Why do spring/seasonal allergies happen?
Allergies happen when the body’s immune system becomes overly sensitive to otherwise harmless things in the environment, such as pollens. Exposure to these “allergens” causes allergy cells in the nose, eyes and other areas of the body to release chemicals that result in allergy symptoms, like sneezing, itchy eyes, and runny noses. Depending on what a person is allergic to, these symptoms might be worse in the spring, summer, or fall, when there are different pollens in the air. Some people might have symptoms all year if they are allergic to things that are always in the environment, like dust or animal danders.
How can you identify allergies vs. a cold?
Allergies often cause itching of the nose and eyes, which you don’t see in colds. Allergies also should not cause fevers or muscle aches.
What are the typical treatments for allergies?
The most common treatments include over-the-counter nasal sprays such as Flonase, Nasacort, etc. If used daily, they are effective in treating many different allergy symptoms. Allergy pills such as Claritin, Zyrtec, and Allegra can be helpful with sneezing and itching, but do not help much with stuffiness or congestion. For people with lots of eye itching and watering, allergy eye drops, either over-the-counter or prescription, can be very helpful.
There are also prescription nasal sprays and pills that we will sometimes use in the event that over-the-counter therapy isn’t enough. If you’re allergic to something in your home, like dust, we often discuss allergen-reducing measures you can perform to decrease your exposure, like allergen bedcovers and using vacuums with appropriate filters. Finally, some people will choose to go on immunotherapy, otherwise known as “allergy shots,” which is a long-term treatment that helps make your body less sensitive to the things that you’re allergic to. In some people, this can lead to great improvement or even remission of allergy symptoms.
What are the allergens that are in the air during the spring vs. other seasons?
Tree pollens are most commonly found in air in the spring time, while grass pollen is most prevalent in the summer time, and weed pollen is most common in the fall. People may also be allergic to things that are found year-round, such as dust mites and animal danders.
Are people with asthma more susceptible to allergies?
Yes, and environmental allergies can often be a trigger for an asthma attack. It’s very important for anyone with asthma and allergies to make sure that both issues are being treated fully to keep this from happening!
What are some symptoms of asthma?
Asthma causes many symptoms, the most common being coughing, a sensation of chest tightness, or wheezing, which is a high-pitched whistling sound you might hear while breathing. Many people with asthma can have trouble with exercise or exertion, or may even find themselves waking up at night with symptoms.
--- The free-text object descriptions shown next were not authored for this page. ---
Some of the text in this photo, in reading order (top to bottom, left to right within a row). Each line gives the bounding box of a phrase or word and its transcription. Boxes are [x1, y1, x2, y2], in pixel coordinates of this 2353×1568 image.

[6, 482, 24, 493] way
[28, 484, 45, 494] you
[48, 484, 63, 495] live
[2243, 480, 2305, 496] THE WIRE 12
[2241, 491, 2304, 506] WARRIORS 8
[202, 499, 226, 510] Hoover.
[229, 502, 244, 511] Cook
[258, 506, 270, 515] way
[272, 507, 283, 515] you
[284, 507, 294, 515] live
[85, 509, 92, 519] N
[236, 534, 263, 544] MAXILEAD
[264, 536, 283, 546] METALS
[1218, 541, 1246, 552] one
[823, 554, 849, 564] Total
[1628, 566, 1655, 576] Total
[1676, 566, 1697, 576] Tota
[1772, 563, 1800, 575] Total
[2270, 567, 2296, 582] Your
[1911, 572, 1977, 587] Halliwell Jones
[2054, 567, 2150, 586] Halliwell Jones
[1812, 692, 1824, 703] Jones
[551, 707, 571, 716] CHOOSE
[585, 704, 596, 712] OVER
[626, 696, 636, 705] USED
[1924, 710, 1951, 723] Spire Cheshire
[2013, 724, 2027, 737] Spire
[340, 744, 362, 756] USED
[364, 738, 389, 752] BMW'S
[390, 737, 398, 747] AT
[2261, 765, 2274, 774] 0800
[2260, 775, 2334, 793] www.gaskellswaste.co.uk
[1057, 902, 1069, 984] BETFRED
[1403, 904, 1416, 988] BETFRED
What allergies cause asthma?
Any allergies can trigger an asthma attack. It’s also important to know that children who have allergies are more likely to develop asthma.
I think I might have allergies or asthma. What’s the next step?
We check for allergies by performing skin testing, where we apply small amounts of allergens to your skin and evaluate for a reaction. The test checks for many different types of pollens, as well as molds, animal danders, dust, and more. Based on your results, we can help you figure out what treatments would work best for you. Asthma is diagnosed with a breathing test we perform in the office or in a breathing laboratory. This test can also help us figure out how severe your asthma is.